* **YOUR ASSIGNMENT**: Below are some records; copy them word for word and drop the pictures.

Dataset entries:
━━━━━━━━━━

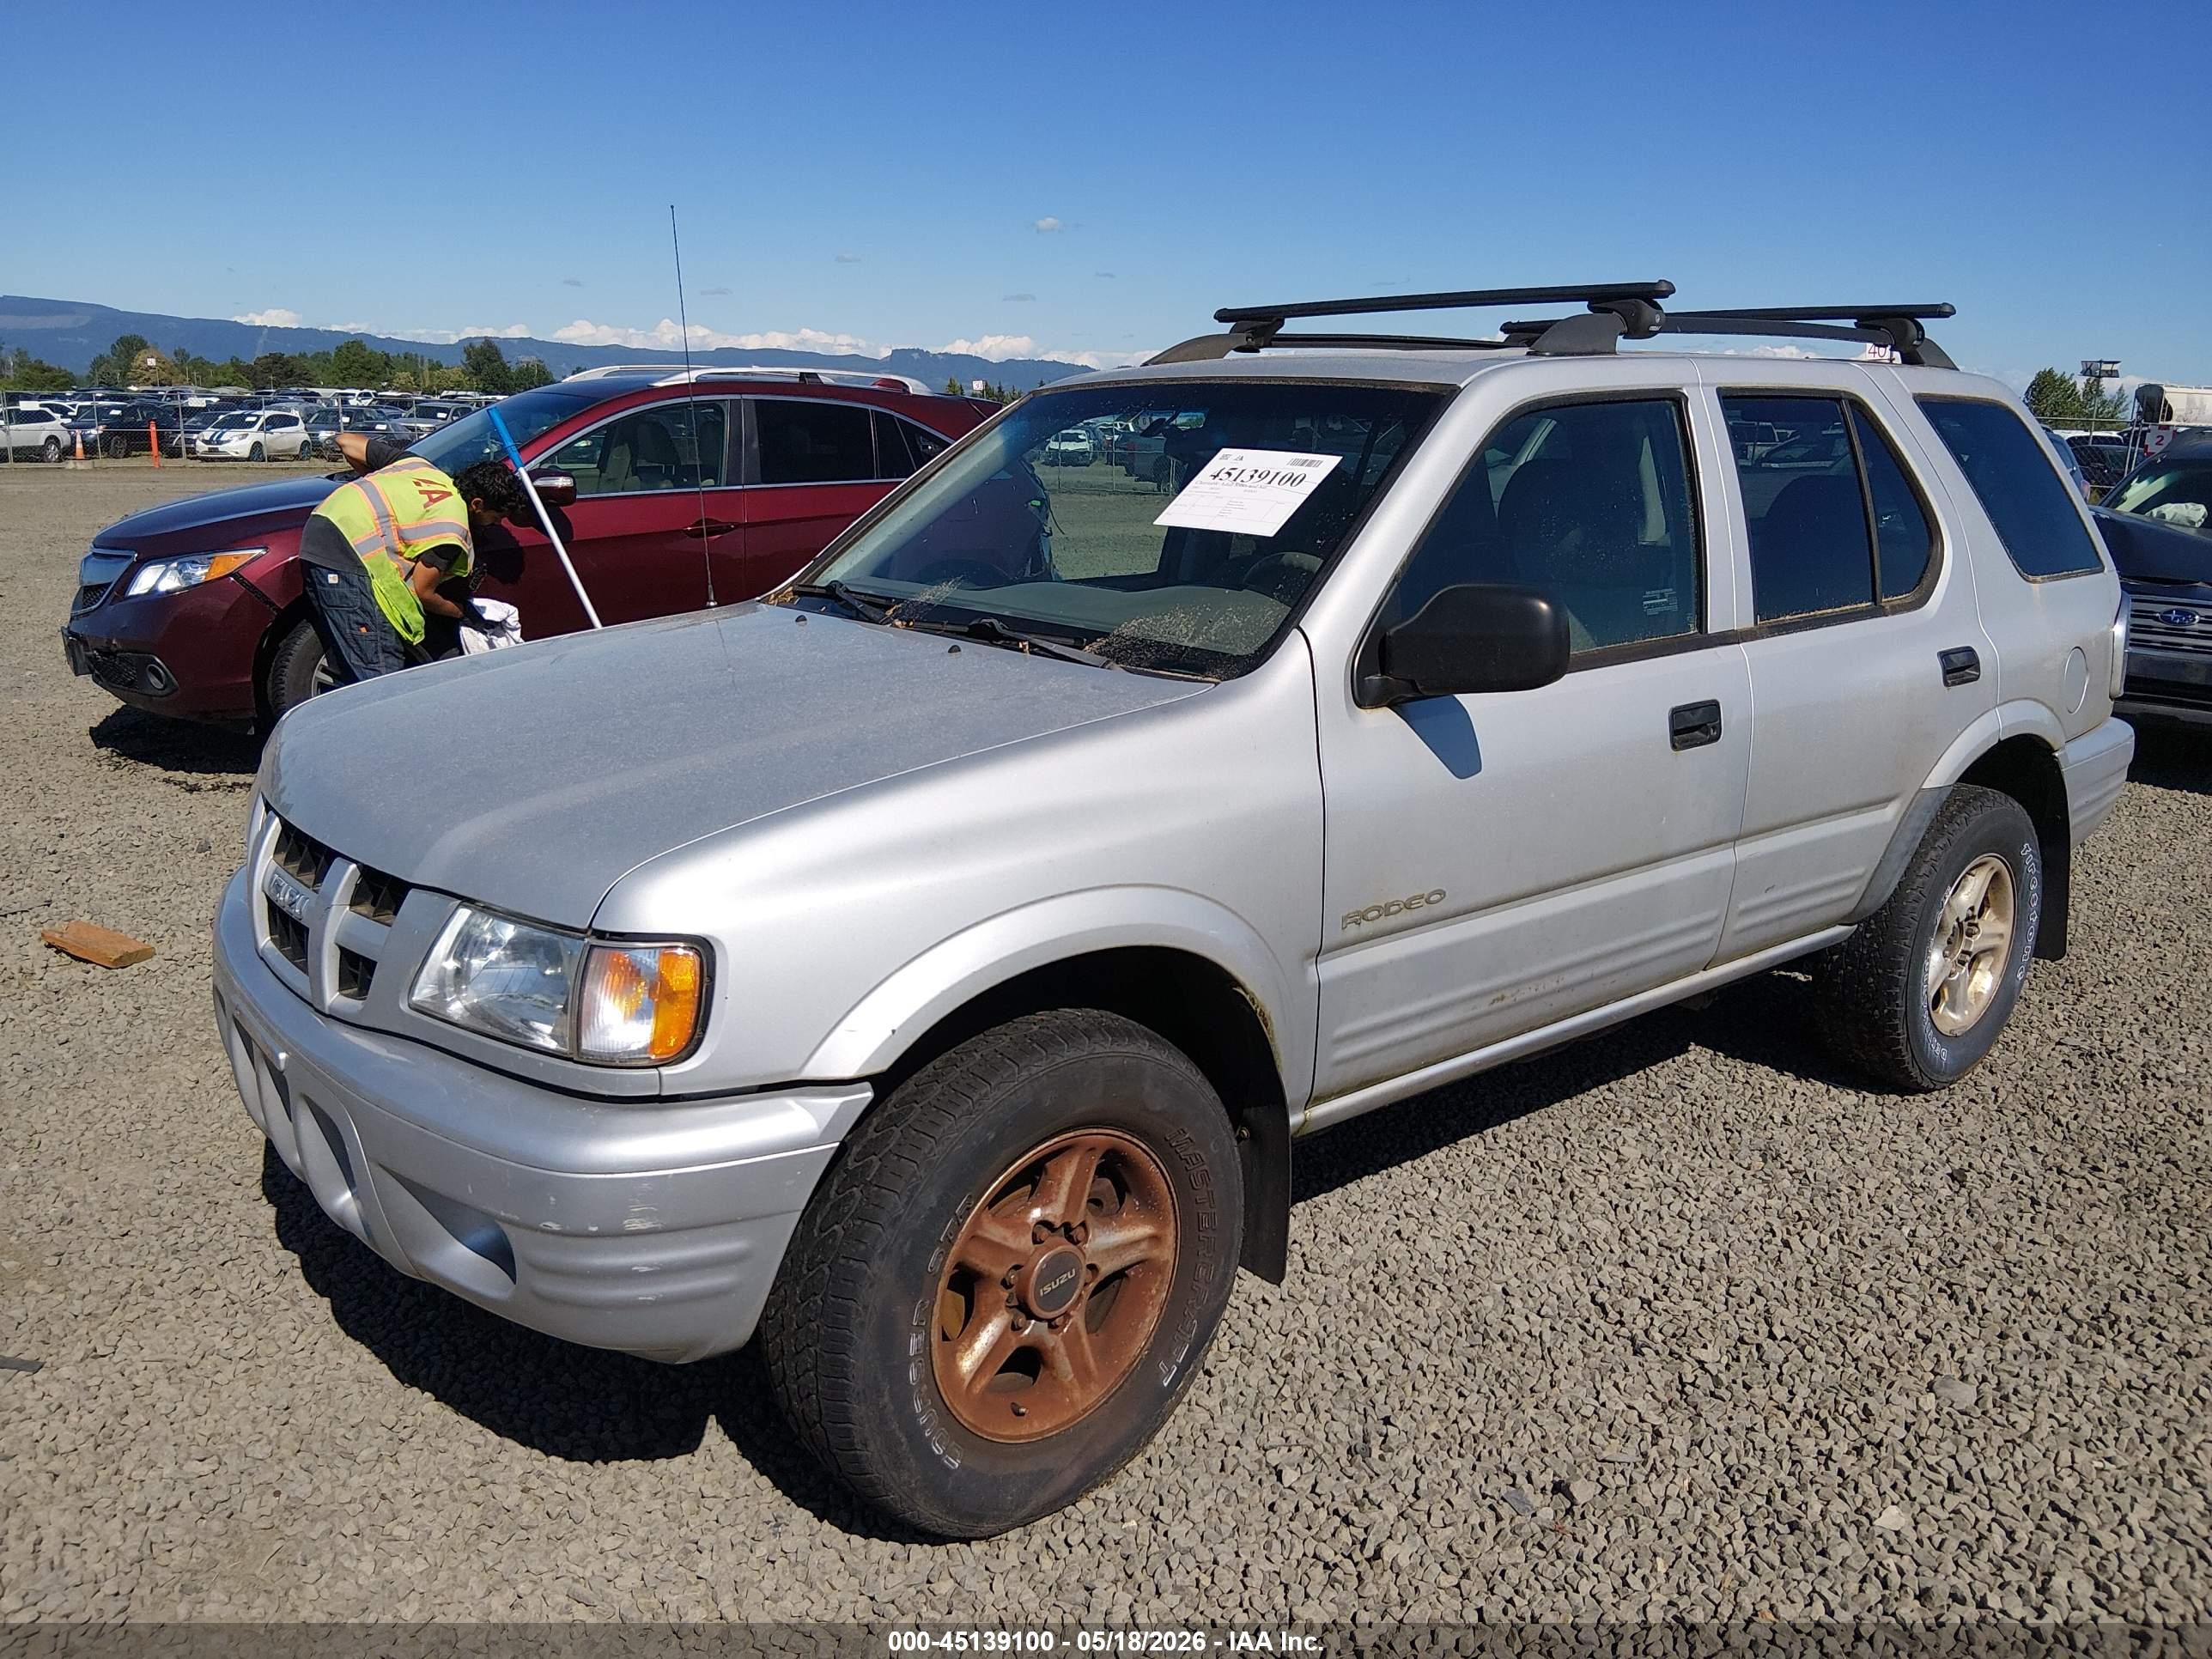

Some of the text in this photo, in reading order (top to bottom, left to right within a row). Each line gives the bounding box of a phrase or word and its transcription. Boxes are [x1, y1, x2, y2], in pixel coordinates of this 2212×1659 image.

[2155, 434, 2165, 446] 2
[1210, 467, 1307, 488] 45139100
[1340, 888, 1447, 930] RODEO
[1039, 1267, 1076, 1297] ISUZU
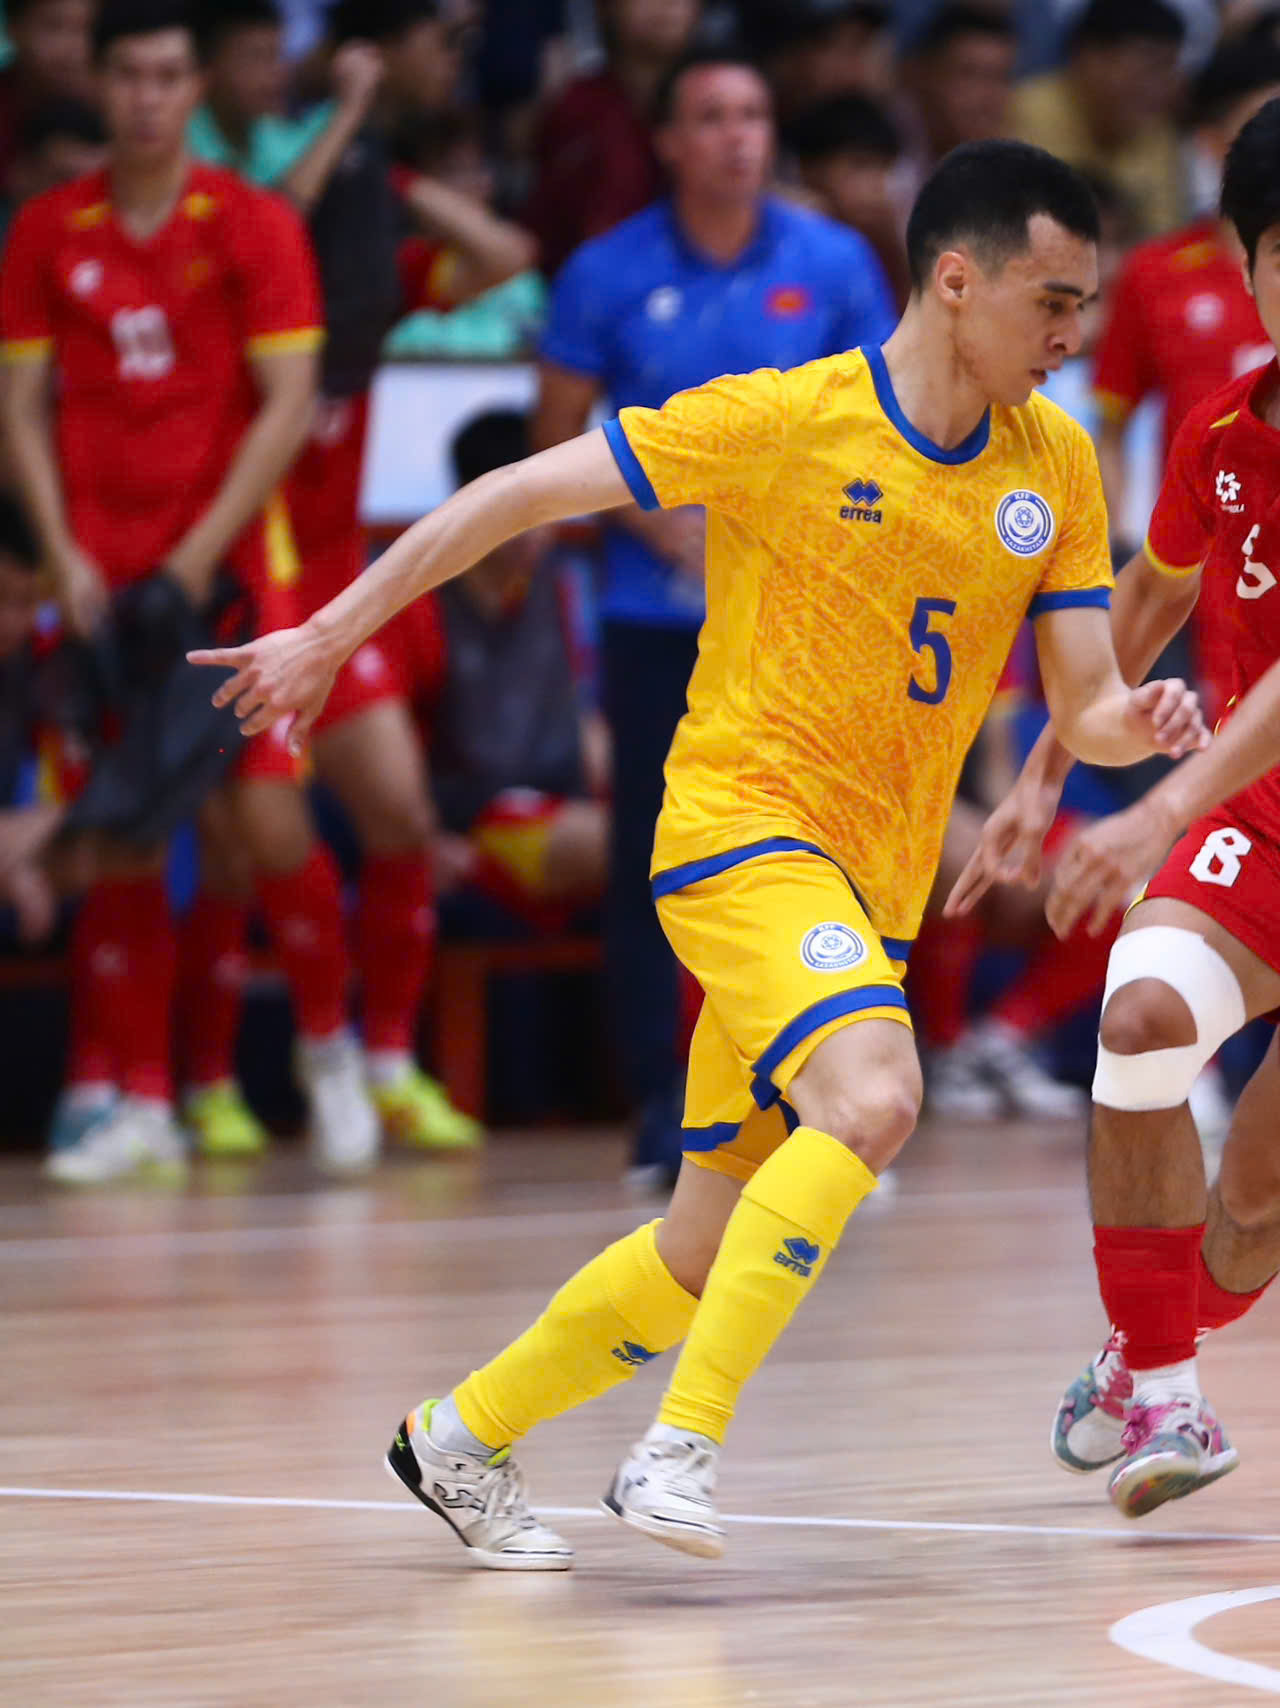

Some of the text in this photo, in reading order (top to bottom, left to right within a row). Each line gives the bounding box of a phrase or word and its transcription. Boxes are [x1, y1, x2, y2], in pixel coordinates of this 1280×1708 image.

[840, 505, 882, 523] errea
[907, 596, 957, 705] 5
[1188, 826, 1252, 888] 8

━━━━━━━━━━

* **EXERCISE ANSWER**:
Some of the text in this photo, in reading order (top to bottom, left to right within a row). Each line gives the bounding box of a phrase or word and its transcription. Boxes are [x1, y1, x2, y2], in pixel coordinates of this 2212×1659 image.

[2155, 434, 2165, 446] 2
[1210, 467, 1307, 488] 45139100
[1340, 888, 1447, 930] RODEO
[1039, 1267, 1076, 1297] ISUZU

Some of the text in this photo, in reading order (top to bottom, left to right within a row). Each line gives the bounding box of a phrase or word and its transcription. Boxes are [x1, y1, x2, y2], in pixel coordinates of this 1280×1708 image.

[840, 505, 882, 523] errea
[907, 596, 957, 705] 5
[1188, 826, 1252, 888] 8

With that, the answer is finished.